> Problem to work on
Pictures excluded, copy every record that follows exactly as it appears.

[Collected data]
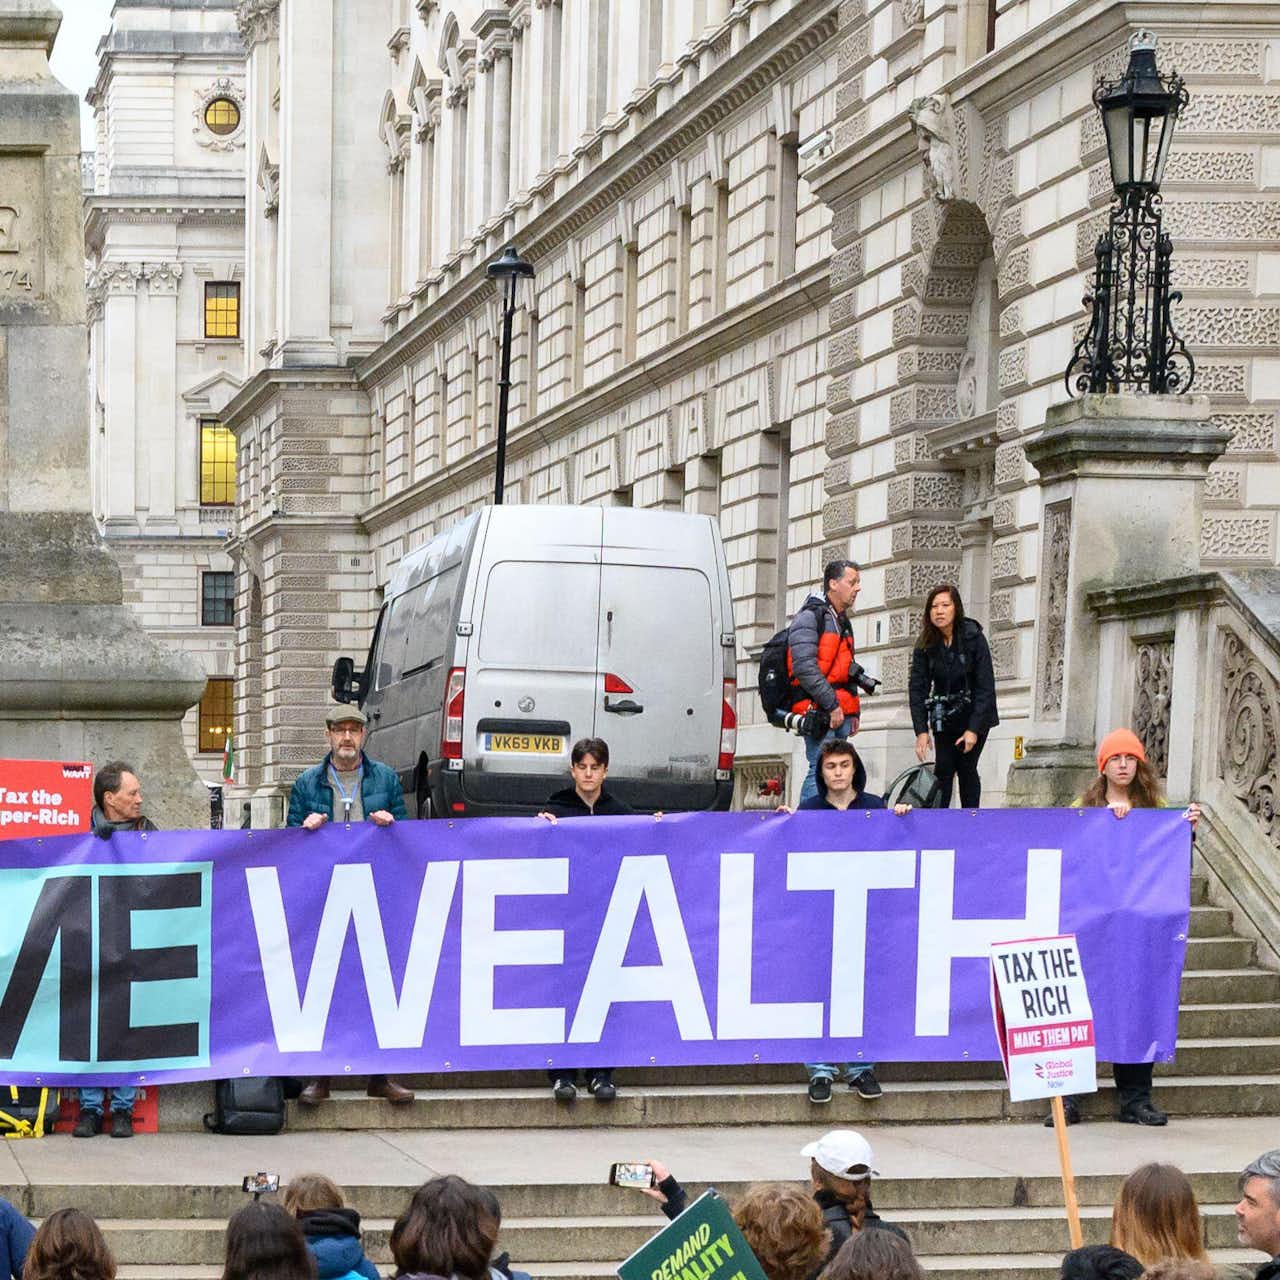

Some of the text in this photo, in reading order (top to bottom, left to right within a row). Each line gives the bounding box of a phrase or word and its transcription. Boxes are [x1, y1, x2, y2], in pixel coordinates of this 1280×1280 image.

[495, 735, 560, 751] VK69 VKB
[31, 789, 63, 805] the
[245, 849, 1061, 1053] WEALTH
[998, 948, 1078, 984] TAX THE
[1021, 985, 1071, 1019] RICH
[1013, 1025, 1088, 1049] MAKE THEM PAY
[1045, 1059, 1073, 1070] Global
[1047, 1069, 1073, 1080] Justice
[1047, 1080, 1065, 1089] Now
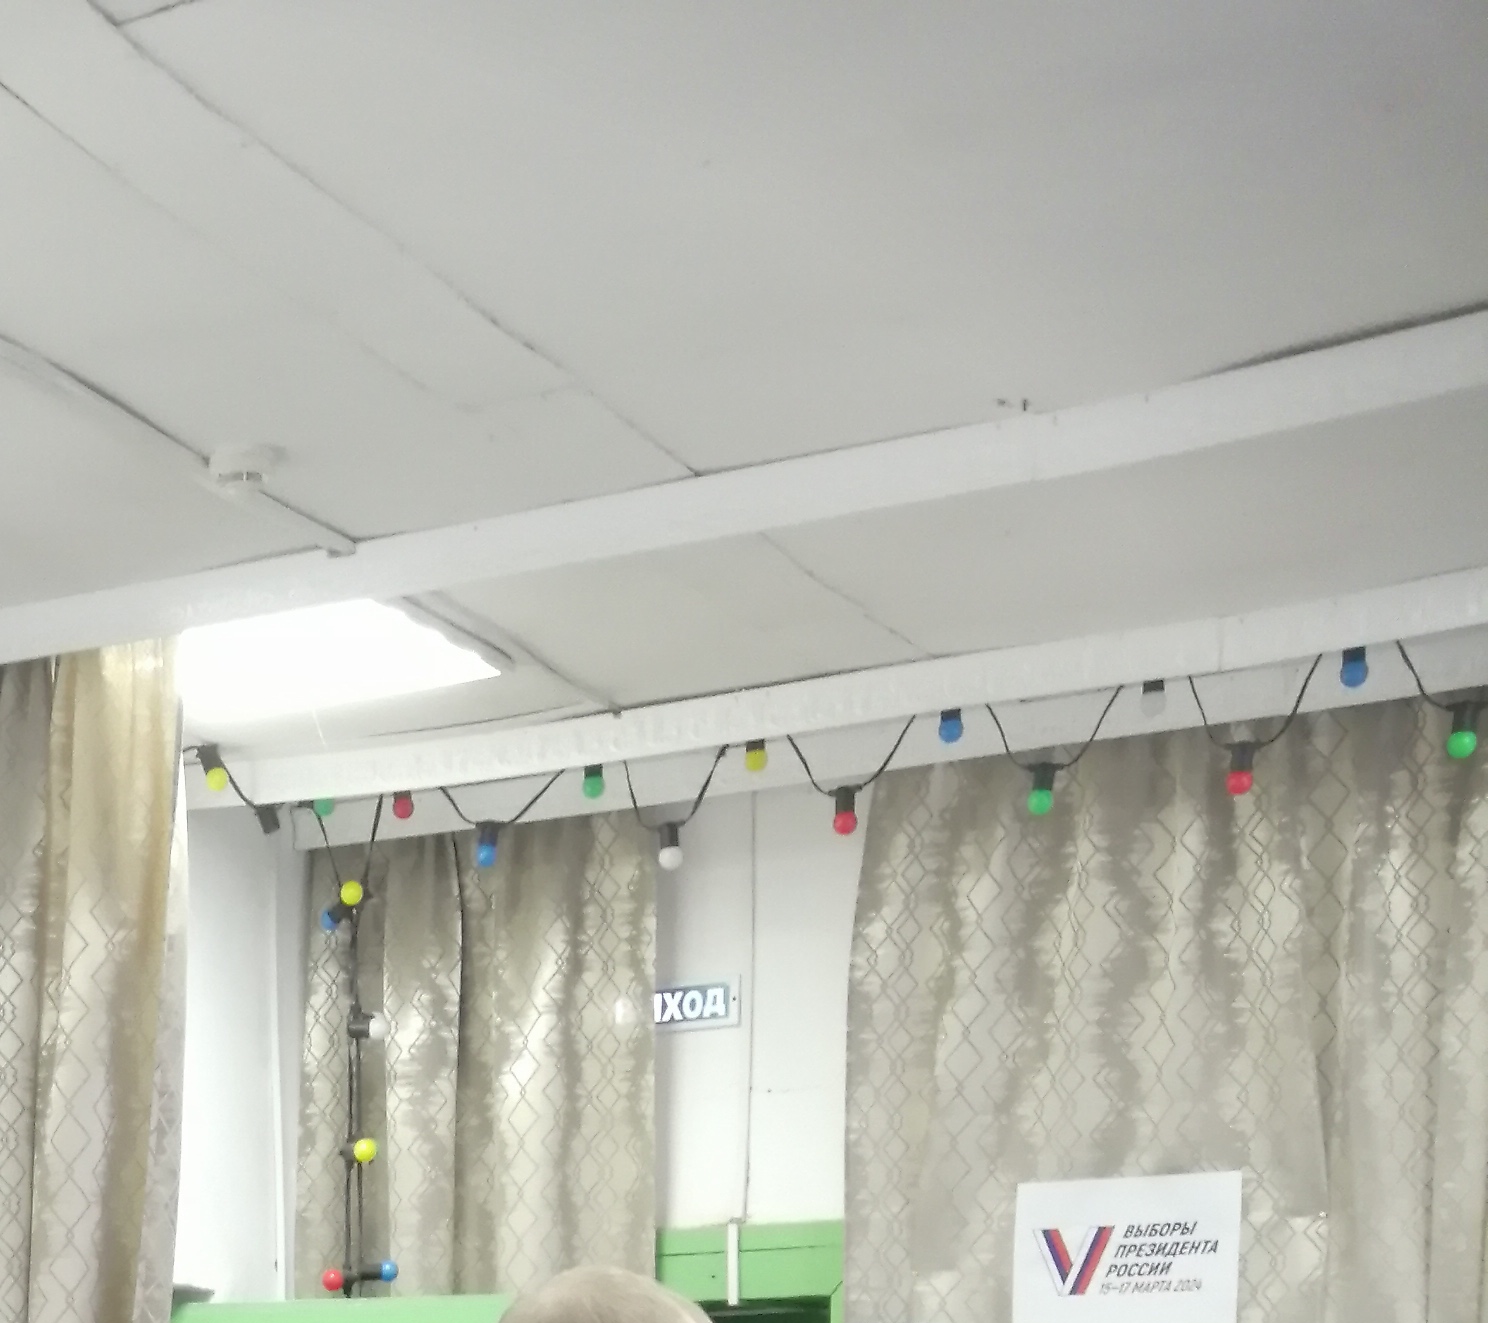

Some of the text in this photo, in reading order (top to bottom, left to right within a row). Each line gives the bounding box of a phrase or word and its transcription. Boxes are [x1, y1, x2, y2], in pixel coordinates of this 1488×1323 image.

> Answer for the task
Some of the text in this photo, in reading order (top to bottom, left to right within a row). Each line gives the bounding box of a phrase or word and its transcription. Boxes are [x1, y1, x2, y2], in pixel coordinates of this 1280×1280 image.

[495, 735, 560, 751] VK69 VKB
[31, 789, 63, 805] the
[245, 849, 1061, 1053] WEALTH
[998, 948, 1078, 984] TAX THE
[1021, 985, 1071, 1019] RICH
[1013, 1025, 1088, 1049] MAKE THEM PAY
[1045, 1059, 1073, 1070] Global
[1047, 1069, 1073, 1080] Justice
[1047, 1080, 1065, 1089] Now

Some of the text in this photo, in reading order (top to bottom, left to right within a row). Each line gives the bounding box of a phrase or word and its transcription. Boxes are [x1, y1, x2, y2], in pixel coordinates of this 1488×1323 image.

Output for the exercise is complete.